Joe Biden slumps in polls as inflation bites
More than half of Americans think the US is already at war with Russia or will be within a year, as Joe Biden’s approval rating hits a fresh low.
More than half of Americans think the US is already at war with Russia or will be within a year, according to a new poll that finds Joe Biden hasn’t benefited from any bounce in his approval rating since Russia’s invasion of Ukraine began over a month ago.
Despite weeks of international attention on the President as he co-ordinated global sanctions on Russia, Mr Biden’s approval rating sank to 40 per cent, the lowest level yet according to the NBC poll, while his disapproval rating increased to 55 per cent, similarly the highest yet recorded for him.
In a poll that will concern Democrat strategists in the lead up to a critical midterm elections in November, more than 70 per cent of Americans had “very little” or “just some” confident in Mr Biden’s ability to manage the crisis.

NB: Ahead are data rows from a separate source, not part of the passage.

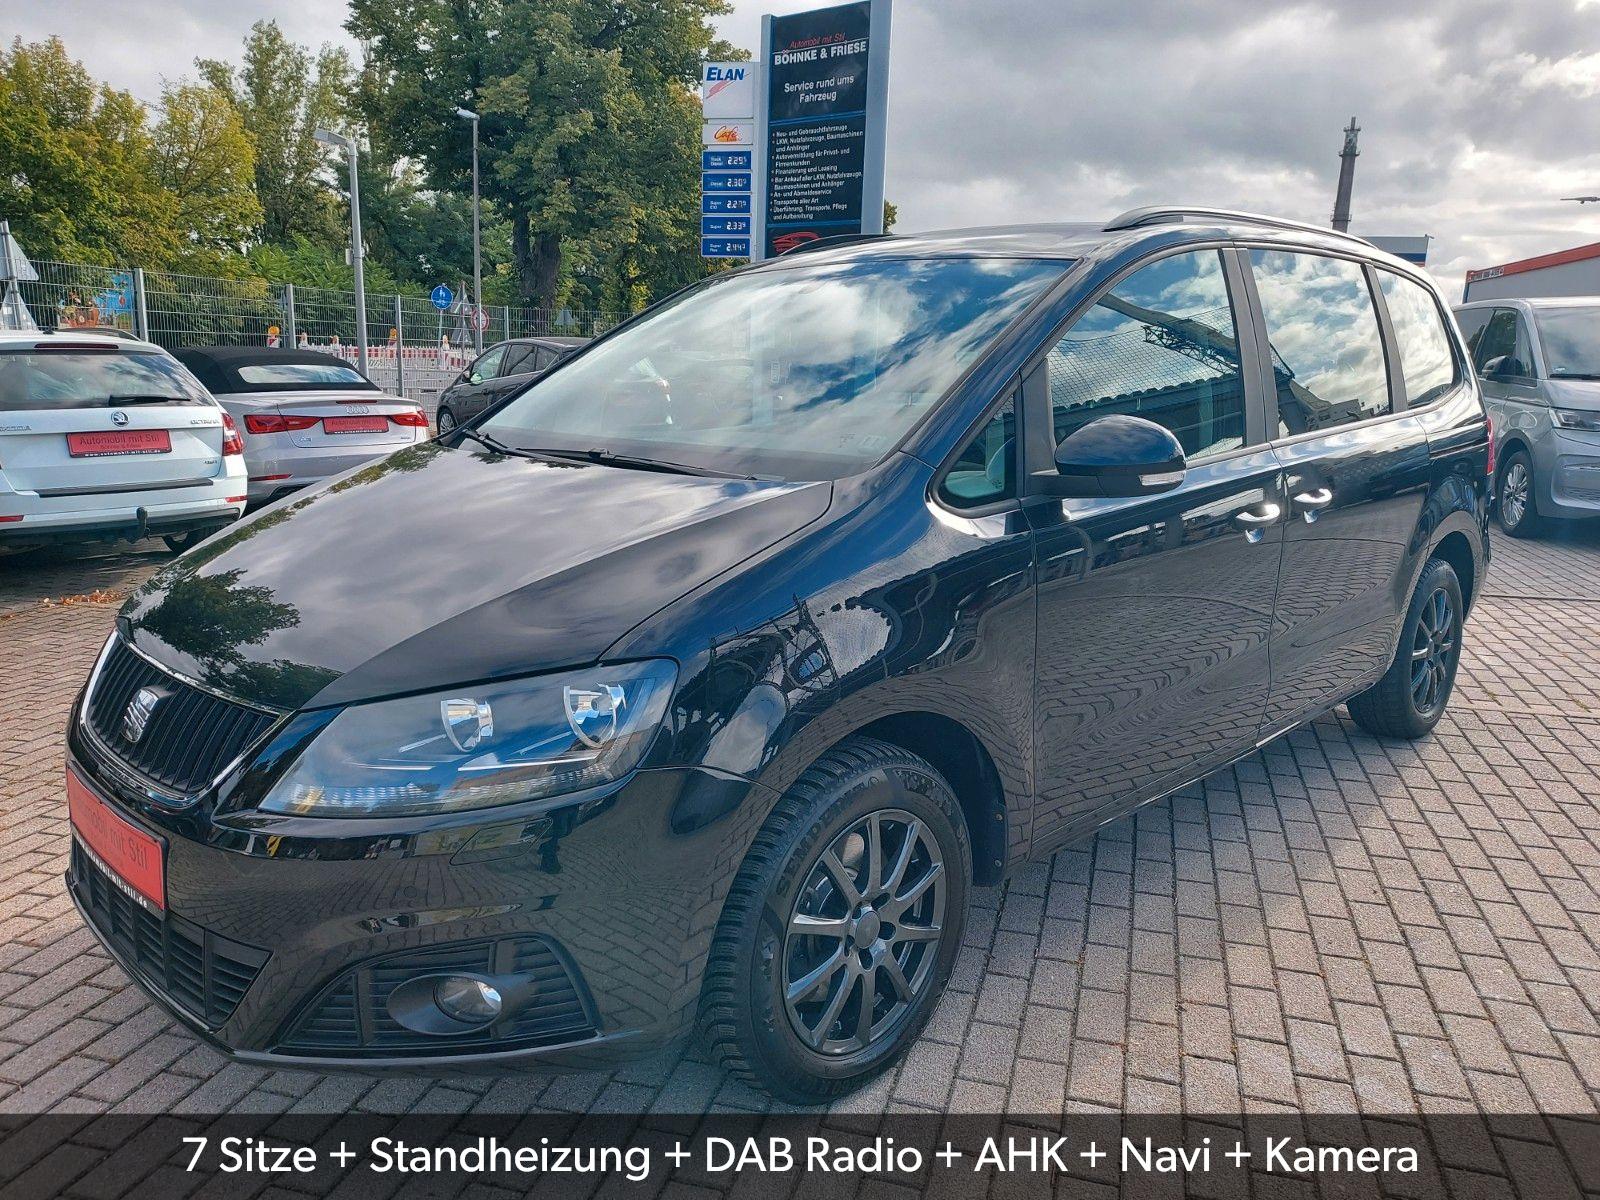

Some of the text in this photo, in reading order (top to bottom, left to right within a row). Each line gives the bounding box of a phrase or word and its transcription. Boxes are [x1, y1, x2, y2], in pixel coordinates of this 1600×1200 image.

[820, 48, 828, 58] &
[831, 41, 867, 58] FRIESE
[706, 67, 745, 81] ELAN
[784, 75, 855, 93] Service rund ums
[799, 91, 837, 103] Fahrzeug
[80, 435, 125, 444] Automobil
[146, 434, 159, 442] Stil
[128, 838, 148, 870] Stil

Any hopes of a ‘rally around the flag’ effect from US leadership of efforts to punish Russia – as George W Bush enjoyed after invading Iraq, for instance – to help offset growing concern among voters about cost of living, appear to be dashed for now.
Inflation, which was 7.9 per cent in February, the highest annual rate for over 40 years, and jobs were the first and second most important issues, followed by the war in Ukraine, voting integrity laws and climate change, according to the poll published Sunday (Monday AEDT).

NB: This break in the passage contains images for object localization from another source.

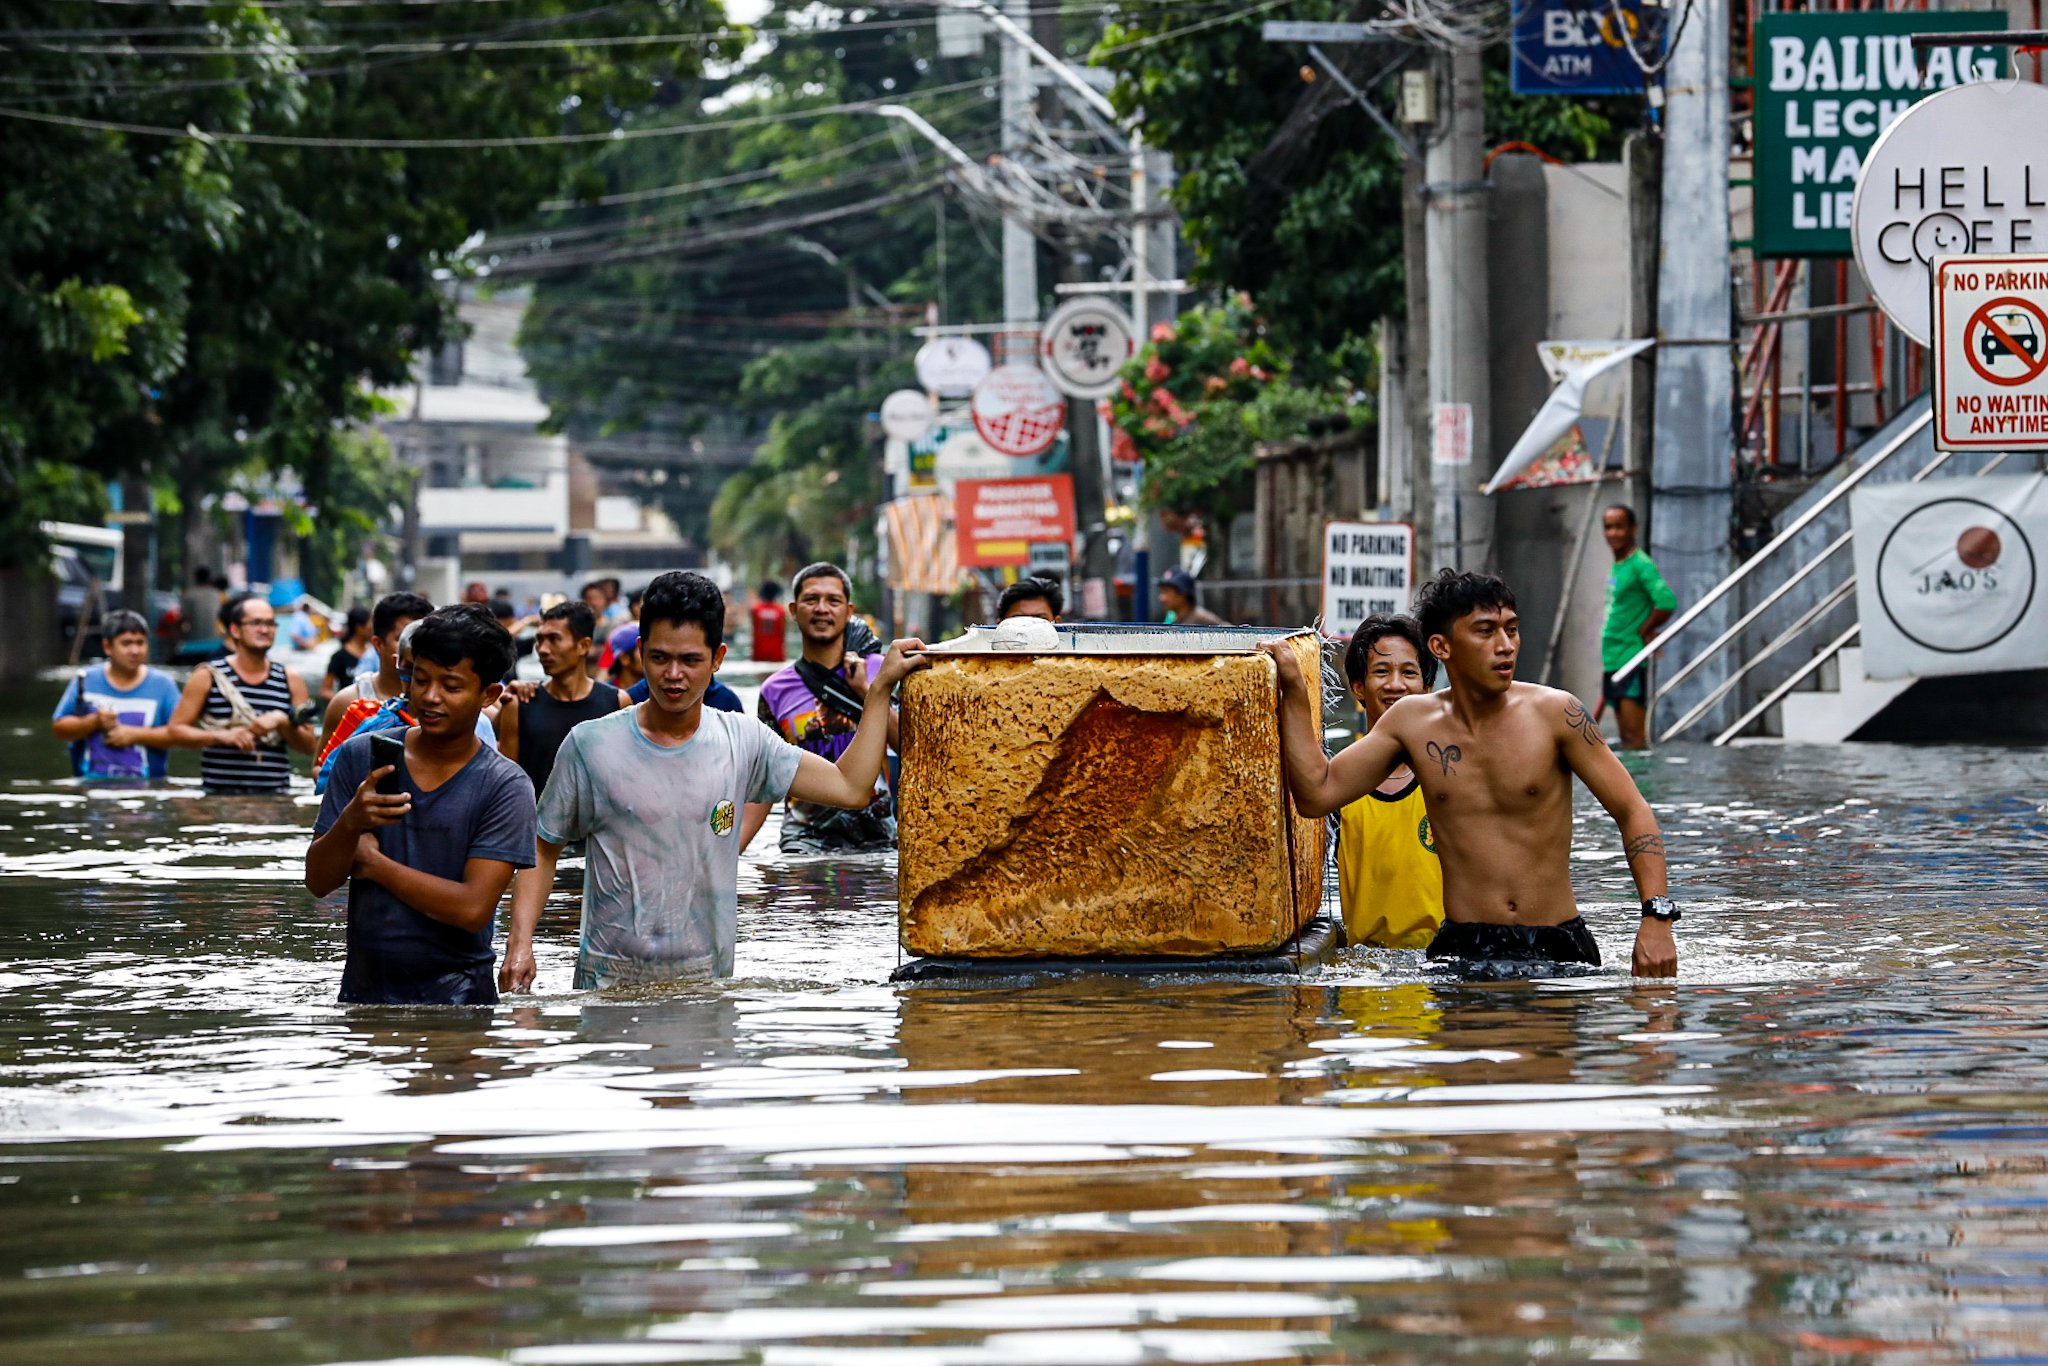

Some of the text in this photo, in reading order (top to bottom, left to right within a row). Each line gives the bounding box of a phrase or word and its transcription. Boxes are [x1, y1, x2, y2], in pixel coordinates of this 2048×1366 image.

[1544, 9, 1639, 48] BDO
[1543, 54, 1593, 76] ATM
[1769, 36, 1998, 91] BALIWAG
[1954, 273, 1979, 291] NO
[1957, 396, 1982, 414] NO
[1970, 415, 2048, 434] ANYTIME
[1332, 534, 1405, 555] NO PARKING
[1331, 566, 1404, 588] NO WAITING
[1917, 570, 1997, 594] JAO'S
[1338, 599, 1364, 619] THIS

Democrats will be defending wafer thin majorities in both houses of Congress in the November Congressional poll, where Republicans are expected to retake the House of Representatives at least.
Voters said they preferred, by a 46 per cent to 44 margin with 10 per cent undecided, a Republican-controlled Congress, a worrying development for the White House and Democrat Congressional leaders given a preference for the Democrat party had been the norm in the NBC poll with a handful of exceptions over the last 25 years.
Almost 40 per cent of voters blamed President Biden and Democrat policies for inflation, compared with 28 per cent who blamed Covid-19, 23 per cent corporate profiteering, and 6 per cent Russia.
The survey was conducted between March 18-22, before Mr Biden’s latest trip to Europe where he met EU and NATO leaders and visited Poland, giving a fiery speech in Warsaw that appeared to call for regime change in Moscow.
Almost twice as many Americans said they were worried the US would become “too involved” in Ukraine’s defence as said they were concerned the US “would not get involved enough”. Sixteen per cent thought the US was already at war with Russia, and a further 41 per cent believed it would be by next year.
The average of major US polls has shown declining support for Mr Biden and Democrats throughout his first year in office, which included the US withdrawal from Afghanistan and further waves of Covid-19, making him the most unpopular president at this stage of his presidency except for Donald Trump.
In better news for Democrats, only 8 per cent of those polled had a negative view of the White House’s pick for the next Supreme Court justice, Ketanji Brown Jackson, whose Senate confirmation hearing last week consumed the media and political class. Fifty-six per cent of respondents didn’t know who she was.